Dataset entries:
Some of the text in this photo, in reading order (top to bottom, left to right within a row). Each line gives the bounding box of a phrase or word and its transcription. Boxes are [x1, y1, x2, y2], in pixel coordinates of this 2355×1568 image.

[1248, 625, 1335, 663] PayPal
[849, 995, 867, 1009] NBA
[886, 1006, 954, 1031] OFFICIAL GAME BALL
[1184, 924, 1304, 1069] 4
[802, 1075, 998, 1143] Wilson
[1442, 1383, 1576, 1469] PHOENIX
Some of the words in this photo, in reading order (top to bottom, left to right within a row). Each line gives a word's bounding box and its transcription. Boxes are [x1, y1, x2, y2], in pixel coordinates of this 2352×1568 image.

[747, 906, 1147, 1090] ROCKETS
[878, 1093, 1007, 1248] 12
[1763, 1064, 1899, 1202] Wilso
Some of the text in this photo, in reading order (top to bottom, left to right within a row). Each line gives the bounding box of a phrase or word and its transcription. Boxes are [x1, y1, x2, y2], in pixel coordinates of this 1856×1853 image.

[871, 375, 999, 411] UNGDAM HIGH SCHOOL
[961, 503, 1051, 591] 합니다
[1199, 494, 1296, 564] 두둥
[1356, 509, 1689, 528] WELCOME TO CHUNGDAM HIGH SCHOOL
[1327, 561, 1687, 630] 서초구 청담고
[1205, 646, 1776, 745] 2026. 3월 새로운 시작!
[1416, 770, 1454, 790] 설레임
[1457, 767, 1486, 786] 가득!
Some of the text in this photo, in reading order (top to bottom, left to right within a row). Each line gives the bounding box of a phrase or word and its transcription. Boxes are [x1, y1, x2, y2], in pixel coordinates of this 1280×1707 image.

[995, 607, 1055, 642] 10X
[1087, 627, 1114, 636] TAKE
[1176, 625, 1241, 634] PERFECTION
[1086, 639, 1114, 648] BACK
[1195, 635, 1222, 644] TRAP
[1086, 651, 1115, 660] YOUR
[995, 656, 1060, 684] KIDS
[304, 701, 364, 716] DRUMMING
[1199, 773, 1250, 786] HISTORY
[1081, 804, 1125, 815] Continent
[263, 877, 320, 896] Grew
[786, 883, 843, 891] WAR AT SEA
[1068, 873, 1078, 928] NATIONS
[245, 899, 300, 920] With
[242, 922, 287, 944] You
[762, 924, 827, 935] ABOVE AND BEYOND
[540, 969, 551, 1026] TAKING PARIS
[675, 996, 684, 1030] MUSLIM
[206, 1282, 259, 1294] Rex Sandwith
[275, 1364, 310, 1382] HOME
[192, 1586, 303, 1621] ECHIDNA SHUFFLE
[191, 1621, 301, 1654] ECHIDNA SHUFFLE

=== WORK INSTRUCTIONS ===
Every entry in the data should be returned exactly.

=== SOLUTION TO THE EXERCISE ===
Some of the text in this photo, in reading order (top to bottom, left to right within a row). Each line gives the bounding box of a phrase or word and its transcription. Boxes are [x1, y1, x2, y2], in pixel coordinates of this 2355×1568 image.

[1248, 625, 1335, 663] PayPal
[849, 995, 867, 1009] NBA
[886, 1006, 954, 1031] OFFICIAL GAME BALL
[1184, 924, 1304, 1069] 4
[802, 1075, 998, 1143] Wilson
[1442, 1383, 1576, 1469] PHOENIX
Some of the words in this photo, in reading order (top to bottom, left to right within a row). Each line gives a word's bounding box and its transcription. Boxes are [x1, y1, x2, y2], in pixel coordinates of this 2352×1568 image.

[747, 906, 1147, 1090] ROCKETS
[878, 1093, 1007, 1248] 12
[1763, 1064, 1899, 1202] Wilso
Some of the text in this photo, in reading order (top to bottom, left to right within a row). Each line gives the bounding box of a phrase or word and its transcription. Boxes are [x1, y1, x2, y2], in pixel coordinates of this 1856×1853 image.

[871, 375, 999, 411] UNGDAM HIGH SCHOOL
[961, 503, 1051, 591] 합니다
[1199, 494, 1296, 564] 두둥
[1356, 509, 1689, 528] WELCOME TO CHUNGDAM HIGH SCHOOL
[1327, 561, 1687, 630] 서초구 청담고
[1205, 646, 1776, 745] 2026. 3월 새로운 시작!
[1416, 770, 1454, 790] 설레임
[1457, 767, 1486, 786] 가득!
Some of the text in this photo, in reading order (top to bottom, left to right within a row). Each line gives the bounding box of a phrase or word and its transcription. Boxes are [x1, y1, x2, y2], in pixel coordinates of this 1280×1707 image.

[995, 607, 1055, 642] 10X
[1087, 627, 1114, 636] TAKE
[1176, 625, 1241, 634] PERFECTION
[1086, 639, 1114, 648] BACK
[1195, 635, 1222, 644] TRAP
[1086, 651, 1115, 660] YOUR
[995, 656, 1060, 684] KIDS
[304, 701, 364, 716] DRUMMING
[1199, 773, 1250, 786] HISTORY
[1081, 804, 1125, 815] Continent
[263, 877, 320, 896] Grew
[786, 883, 843, 891] WAR AT SEA
[1068, 873, 1078, 928] NATIONS
[245, 899, 300, 920] With
[242, 922, 287, 944] You
[762, 924, 827, 935] ABOVE AND BEYOND
[540, 969, 551, 1026] TAKING PARIS
[675, 996, 684, 1030] MUSLIM
[206, 1282, 259, 1294] Rex Sandwith
[275, 1364, 310, 1382] HOME
[192, 1586, 303, 1621] ECHIDNA SHUFFLE
[191, 1621, 301, 1654] ECHIDNA SHUFFLE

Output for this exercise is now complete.